Its protrusion length is adjusted. In this invention, this gap 4
serves to guide the waste soil to the rear intake port. More specifically, with respect to the size l of the gap 4, earth, sand, and gravel with a particle size below a certain standard are sequentially sent backward, and gravel that exceeds the above standard is rotated without being sent backward. Head body 1
Therefore, as the size l of the gap 4 increases, the size of the gravel sent backward also increases. Therefore, the size l of the gap 4 increases Determine by considering the size of the soil intake port (
4) I like it.

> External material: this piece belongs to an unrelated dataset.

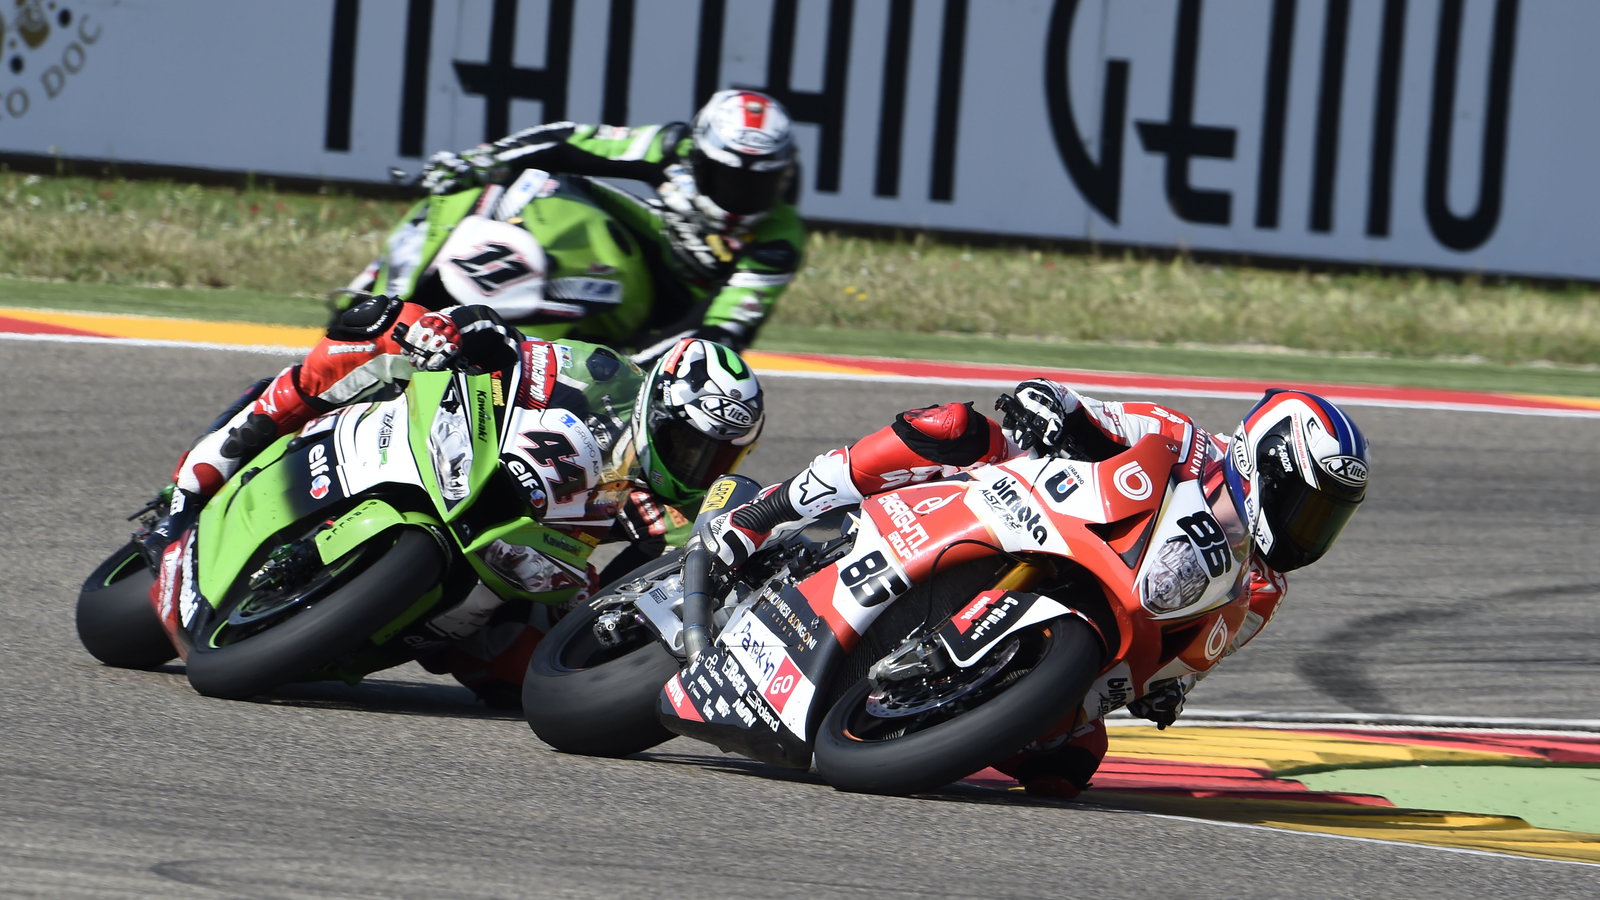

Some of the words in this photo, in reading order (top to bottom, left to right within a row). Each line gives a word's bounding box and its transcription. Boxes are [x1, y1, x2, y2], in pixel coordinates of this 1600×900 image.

That is, the size l of the gap 4 is such that only earth, sand, and gravel with a diameter that can be caught in the soil intake port are sent backward, and larger diameter gravel can be compressed against the soil wall. is preferably selected.

On the other hand, a drum section 5 is provided at the rear of the head body 1. This drum portion 5 is provided eccentrically with respect to the axis of the head body 1.

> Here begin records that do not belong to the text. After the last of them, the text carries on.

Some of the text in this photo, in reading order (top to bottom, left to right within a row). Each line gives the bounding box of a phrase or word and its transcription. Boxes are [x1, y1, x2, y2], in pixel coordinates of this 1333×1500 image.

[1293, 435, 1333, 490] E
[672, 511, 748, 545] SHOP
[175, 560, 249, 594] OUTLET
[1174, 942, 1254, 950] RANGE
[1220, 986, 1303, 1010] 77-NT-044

A tube body 10 is connected to the rear part of the head body 1. The drum section 5 at the rear of the head body is inserted into the tube body 10, and the head body 1 and the tube body 10 are positioned coaxially through a shaft section 6 provided at the rear of the drum section 5. Rotatably connected.

In this embodiment, both are rotatably connected by a rotary joint 1. The rotary joint 7 includes a rotating shaft fixed to the head body 1 side and a bearing fixed to the tubular body 10 side to hold the rotating shaft.

In this state, the drum section 5 is located eccentrically within the tube body 10, and a gap is formed between the drum section 5 and the inner surface of the tube body 10, and a gap is formed between the rear end of the head body 1 and the tube body 10. There is also a predetermined distance between the ends of the .

In the present invention, the space between the end of the tubular body 10 and the drum portion 5 constitutes an annular soil intake port 8.

Further, in this embodiment, the rear part of the drum part 5 is
The drum part 5' has a larger diameter and is coaxial with the head body 1. Moreover, the above drum parts 5 and 5
A plurality of blades 9 along the longitudinal direction of the buried pipe are provided along the circumferential direction on the inner surface of the pipe body 10 facing .

In addition, in this embodiment, the main body portion of the tube body 10 is configured to have a larger diameter than the buried pipe (b), and only a portion of a predetermined length at the rear thereof is configured to have the same diameter as the buried pipe (b). .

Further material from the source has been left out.